城跡好きの夫の趣味を優先して、五稜郭へ。
おー、なんてけなげな良き妻!
「ここまできたのもひとえに私の忍耐やねえ」
「ほんま、そうや、そうや」
「えらい素直やね」
「いや、ここで反論したら、言葉のつぶてが襲いかかって来る。それを学習する時間は、まあたっぷりあったな」
私の発熱を案じながらも秋晴れの当日を迎え、伊丹空港から函館空港までのルンルンの空の旅。
仲のいいふりをして、バスで五稜郭に到着。
説明のパンフレットを見ようとして、思わず声が出た。
「あっ、ローガちゃんがいない!」
リュックもバッグも中を全部出してみたけれど、老眼鏡が見当たらない。
朝からずっと遠近両用メガネをかけていたが、やはり小さな字は老眼鏡でないと見にくい。
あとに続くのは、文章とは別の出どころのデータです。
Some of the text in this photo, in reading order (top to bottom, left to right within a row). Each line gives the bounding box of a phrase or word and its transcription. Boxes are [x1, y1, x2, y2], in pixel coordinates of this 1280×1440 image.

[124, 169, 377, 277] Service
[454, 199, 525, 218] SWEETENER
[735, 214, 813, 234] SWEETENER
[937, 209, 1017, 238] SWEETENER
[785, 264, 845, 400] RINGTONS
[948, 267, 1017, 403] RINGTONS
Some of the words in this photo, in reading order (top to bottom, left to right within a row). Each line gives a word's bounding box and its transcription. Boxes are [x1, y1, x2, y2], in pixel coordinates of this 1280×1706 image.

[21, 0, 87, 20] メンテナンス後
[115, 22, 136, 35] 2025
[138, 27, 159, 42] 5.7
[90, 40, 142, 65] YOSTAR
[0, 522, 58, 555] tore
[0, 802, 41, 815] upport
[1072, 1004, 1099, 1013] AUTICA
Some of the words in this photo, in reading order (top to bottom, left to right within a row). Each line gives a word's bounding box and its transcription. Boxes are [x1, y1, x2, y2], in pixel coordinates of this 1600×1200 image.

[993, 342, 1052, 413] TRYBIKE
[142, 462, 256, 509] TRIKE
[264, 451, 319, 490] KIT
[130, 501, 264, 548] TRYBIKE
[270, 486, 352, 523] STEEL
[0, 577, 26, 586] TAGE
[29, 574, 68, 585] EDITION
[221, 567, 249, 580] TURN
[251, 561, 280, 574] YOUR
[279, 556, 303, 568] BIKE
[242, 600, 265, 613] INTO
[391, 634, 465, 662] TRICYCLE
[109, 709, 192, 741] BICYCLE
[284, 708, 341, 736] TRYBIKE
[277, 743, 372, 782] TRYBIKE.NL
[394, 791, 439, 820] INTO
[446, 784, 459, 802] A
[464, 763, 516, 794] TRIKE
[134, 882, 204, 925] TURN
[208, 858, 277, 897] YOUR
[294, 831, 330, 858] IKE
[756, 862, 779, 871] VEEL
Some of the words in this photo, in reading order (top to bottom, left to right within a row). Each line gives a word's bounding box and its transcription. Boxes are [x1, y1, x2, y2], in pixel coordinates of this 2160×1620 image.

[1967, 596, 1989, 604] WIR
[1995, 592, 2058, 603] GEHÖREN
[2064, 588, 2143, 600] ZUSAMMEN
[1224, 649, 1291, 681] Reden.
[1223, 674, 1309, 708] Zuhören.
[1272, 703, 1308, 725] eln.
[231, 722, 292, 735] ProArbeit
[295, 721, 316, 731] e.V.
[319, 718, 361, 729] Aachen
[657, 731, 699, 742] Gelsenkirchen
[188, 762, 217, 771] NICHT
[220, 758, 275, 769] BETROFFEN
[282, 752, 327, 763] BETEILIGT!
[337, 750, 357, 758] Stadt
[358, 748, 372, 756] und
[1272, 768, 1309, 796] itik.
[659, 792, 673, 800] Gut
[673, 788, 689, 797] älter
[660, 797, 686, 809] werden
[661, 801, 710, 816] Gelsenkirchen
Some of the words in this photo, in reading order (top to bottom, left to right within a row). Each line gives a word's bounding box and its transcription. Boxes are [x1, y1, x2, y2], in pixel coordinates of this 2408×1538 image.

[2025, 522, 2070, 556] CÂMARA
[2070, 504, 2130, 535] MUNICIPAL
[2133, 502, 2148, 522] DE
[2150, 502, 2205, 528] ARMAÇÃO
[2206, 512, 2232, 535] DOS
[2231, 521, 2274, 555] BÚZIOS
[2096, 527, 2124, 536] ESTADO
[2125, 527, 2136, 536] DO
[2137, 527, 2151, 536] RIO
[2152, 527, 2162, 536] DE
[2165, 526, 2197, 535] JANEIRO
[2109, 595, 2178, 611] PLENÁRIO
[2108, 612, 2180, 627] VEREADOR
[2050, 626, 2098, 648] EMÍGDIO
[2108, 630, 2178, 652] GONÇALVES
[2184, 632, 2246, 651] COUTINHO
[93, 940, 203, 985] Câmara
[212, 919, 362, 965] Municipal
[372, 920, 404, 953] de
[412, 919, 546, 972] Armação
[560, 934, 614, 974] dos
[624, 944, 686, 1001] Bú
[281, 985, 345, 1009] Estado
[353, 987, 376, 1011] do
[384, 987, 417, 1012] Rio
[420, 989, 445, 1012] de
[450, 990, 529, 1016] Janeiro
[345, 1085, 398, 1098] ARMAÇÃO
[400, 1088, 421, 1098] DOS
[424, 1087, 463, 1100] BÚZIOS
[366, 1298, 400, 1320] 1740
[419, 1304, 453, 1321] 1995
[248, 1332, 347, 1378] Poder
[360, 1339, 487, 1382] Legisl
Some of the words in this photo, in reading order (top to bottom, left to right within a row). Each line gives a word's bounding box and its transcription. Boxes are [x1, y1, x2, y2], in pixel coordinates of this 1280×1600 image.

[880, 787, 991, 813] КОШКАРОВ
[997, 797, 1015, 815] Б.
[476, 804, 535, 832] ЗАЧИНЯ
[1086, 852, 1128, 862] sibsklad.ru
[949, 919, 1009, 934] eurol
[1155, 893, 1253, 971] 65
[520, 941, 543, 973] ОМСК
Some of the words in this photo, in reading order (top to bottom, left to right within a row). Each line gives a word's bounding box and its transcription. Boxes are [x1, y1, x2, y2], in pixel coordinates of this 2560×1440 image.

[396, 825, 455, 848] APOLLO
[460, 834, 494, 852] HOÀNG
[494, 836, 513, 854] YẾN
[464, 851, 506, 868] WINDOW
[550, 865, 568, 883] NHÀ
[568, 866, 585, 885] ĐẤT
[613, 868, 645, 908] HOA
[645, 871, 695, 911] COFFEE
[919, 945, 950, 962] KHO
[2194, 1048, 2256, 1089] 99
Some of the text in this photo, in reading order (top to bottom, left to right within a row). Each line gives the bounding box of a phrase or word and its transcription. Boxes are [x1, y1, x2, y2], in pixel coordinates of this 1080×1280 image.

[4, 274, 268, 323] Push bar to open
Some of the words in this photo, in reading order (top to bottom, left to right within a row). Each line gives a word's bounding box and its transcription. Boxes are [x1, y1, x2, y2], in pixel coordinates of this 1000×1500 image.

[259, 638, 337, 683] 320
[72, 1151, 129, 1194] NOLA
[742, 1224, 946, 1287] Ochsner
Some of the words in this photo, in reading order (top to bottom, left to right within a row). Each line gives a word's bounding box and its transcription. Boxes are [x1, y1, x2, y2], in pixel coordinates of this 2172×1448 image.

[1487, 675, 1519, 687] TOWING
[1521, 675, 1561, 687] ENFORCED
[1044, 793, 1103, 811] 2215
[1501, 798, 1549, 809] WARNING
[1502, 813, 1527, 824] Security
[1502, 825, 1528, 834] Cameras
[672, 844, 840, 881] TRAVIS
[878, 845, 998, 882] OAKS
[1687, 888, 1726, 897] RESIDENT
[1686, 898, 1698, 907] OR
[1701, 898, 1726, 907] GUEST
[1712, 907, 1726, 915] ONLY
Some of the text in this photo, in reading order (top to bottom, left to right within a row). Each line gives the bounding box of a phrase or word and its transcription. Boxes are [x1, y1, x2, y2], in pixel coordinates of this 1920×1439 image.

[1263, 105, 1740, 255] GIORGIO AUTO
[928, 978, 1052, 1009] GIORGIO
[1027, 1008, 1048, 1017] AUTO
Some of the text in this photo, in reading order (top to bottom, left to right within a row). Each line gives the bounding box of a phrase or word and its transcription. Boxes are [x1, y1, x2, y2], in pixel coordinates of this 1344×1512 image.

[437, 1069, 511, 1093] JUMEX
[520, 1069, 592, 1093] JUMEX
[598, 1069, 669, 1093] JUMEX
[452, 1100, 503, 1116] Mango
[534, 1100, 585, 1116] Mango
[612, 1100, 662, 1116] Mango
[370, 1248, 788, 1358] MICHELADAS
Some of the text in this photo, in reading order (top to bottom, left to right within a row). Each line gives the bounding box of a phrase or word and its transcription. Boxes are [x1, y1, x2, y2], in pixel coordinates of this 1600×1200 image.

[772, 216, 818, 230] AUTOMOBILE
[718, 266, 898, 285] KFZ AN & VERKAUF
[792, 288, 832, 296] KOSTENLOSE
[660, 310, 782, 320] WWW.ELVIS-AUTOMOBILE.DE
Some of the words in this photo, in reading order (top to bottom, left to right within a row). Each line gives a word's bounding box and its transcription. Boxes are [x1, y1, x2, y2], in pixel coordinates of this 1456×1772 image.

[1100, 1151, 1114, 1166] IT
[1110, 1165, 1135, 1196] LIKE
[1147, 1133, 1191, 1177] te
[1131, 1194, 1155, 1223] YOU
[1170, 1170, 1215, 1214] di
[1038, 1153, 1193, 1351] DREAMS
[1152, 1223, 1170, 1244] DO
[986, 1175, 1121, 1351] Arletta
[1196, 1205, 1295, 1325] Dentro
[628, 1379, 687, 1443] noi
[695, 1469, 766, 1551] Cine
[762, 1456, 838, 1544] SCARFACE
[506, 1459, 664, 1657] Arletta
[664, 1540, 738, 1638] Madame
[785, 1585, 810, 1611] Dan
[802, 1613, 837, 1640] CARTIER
いつもいつもお世話になっている相棒で『ローガちゃん』と呼んでいる。
日常的にかけているのは『エンキンさん』
どこかで落としたのか、まさか飛行機? あれほどあれほど確認したのにー。
ないものはない。ずっとエンキンさんに頼るしか。
まあ、しゃーないなと。忘れ物名人、諦めは早い。
五稜郭タワーは、想像以上に立派で楽しんだ。
外に出ると、流石に北国。周りは見事な紅葉。
空は晴れ渡り、空気も澄んでいる(気がする)。
気分爽快で、函館中の空気を吸い込んだ。
レンガ倉庫街もぶらぶら歩き、お寿司もおいしかった。
夜、読もうと思って持ってきた新書が読みづらい。
(いつも本ばかり読んでるんだから、旅先でまで読まんでもいい)
そう言い聞かせるのだが、習慣とは恐ろしい。本が離せない。
あー、ローガちゃんでないとやっぱあかんわ。
翌日は『特急北斗』で札幌へ。
本をリュックにしまって、車窓からの景色を堪能した。
広やかな草原や海岸沿いはうっとりとする。
ただ、単線のところも多く、木の枝が窓に触れバチバチ音がするんやないかと、
勝手にJR北海道の行く末を案じるくらい山が迫っている。
着いた快晴の札幌の街も何とも心地よく、あちこちのんびり歩き回り、空気を全部吸い込んできた。
帰路の三日目は、途中下車して、
夫の趣味に合わせて『エスコンフィールド』という日本ハムのドーム球場へ寄ってきた。
もちろん試合はしていなかったが、無料で入ることができ、夫はご満悦であった。
おー、なんてけなげな良き妻!
そして、新千歳空港へ。
どでかいキャリーバッグをゴロゴロ転がす観光客でものすごく込み合っていた。
とりあえず搭乗手続きだけ済ませようと、JALのカウンターへ急ぐ。
ウロウロしていると、ばっちりメイクしたグランドスタッフの素敵な女性が声をかけてくれた。
「予約番号はお分かりですか?」
夫がスマホを心配げに差し出す。
「ここに入ってるんですが」
「予約番号とか書いたメモとかお持ちではないですか?」
「全部ここに。予約した旅行社で、これで大丈夫と言われたものですから」
スマホを手にしたそのスッタフさん、目にも止まらぬ速さで、スワイプする。
(あんなに動かしたらもうどこにあるか分からへんのにー)
彼女のイライラ感は横にいるのもつらく、怖くさえなってくる。
質問とスマホシュパーシュパーを繰り返す。
かなりの時間を要した後、
「有人のカウンターへお並びください」
うわー、ものすごい列、しかも外国の方ばかり。
げんなりとして最後尾につくと、優しそうなスタッフが
「お困りですか?」
声をかけてくださった。
事情を話すと、カウンターでパソコンに入力して、あっという間に搭乗手続きを済ませてくれた。
(この人だったらちょっと尋ねてみようかな)
「あのー、函館空港着の便で忘れ物したみたいなんですけど」
「あーそれでしたら、こちらでは無理なんです。ホームページからお問い合わせくださいませ」
「ありがとうございました」
(今どきは人間にお願いするのは無理なんやわ。ゴメンねローガちゃん、今どこにいるんだろう? グスン)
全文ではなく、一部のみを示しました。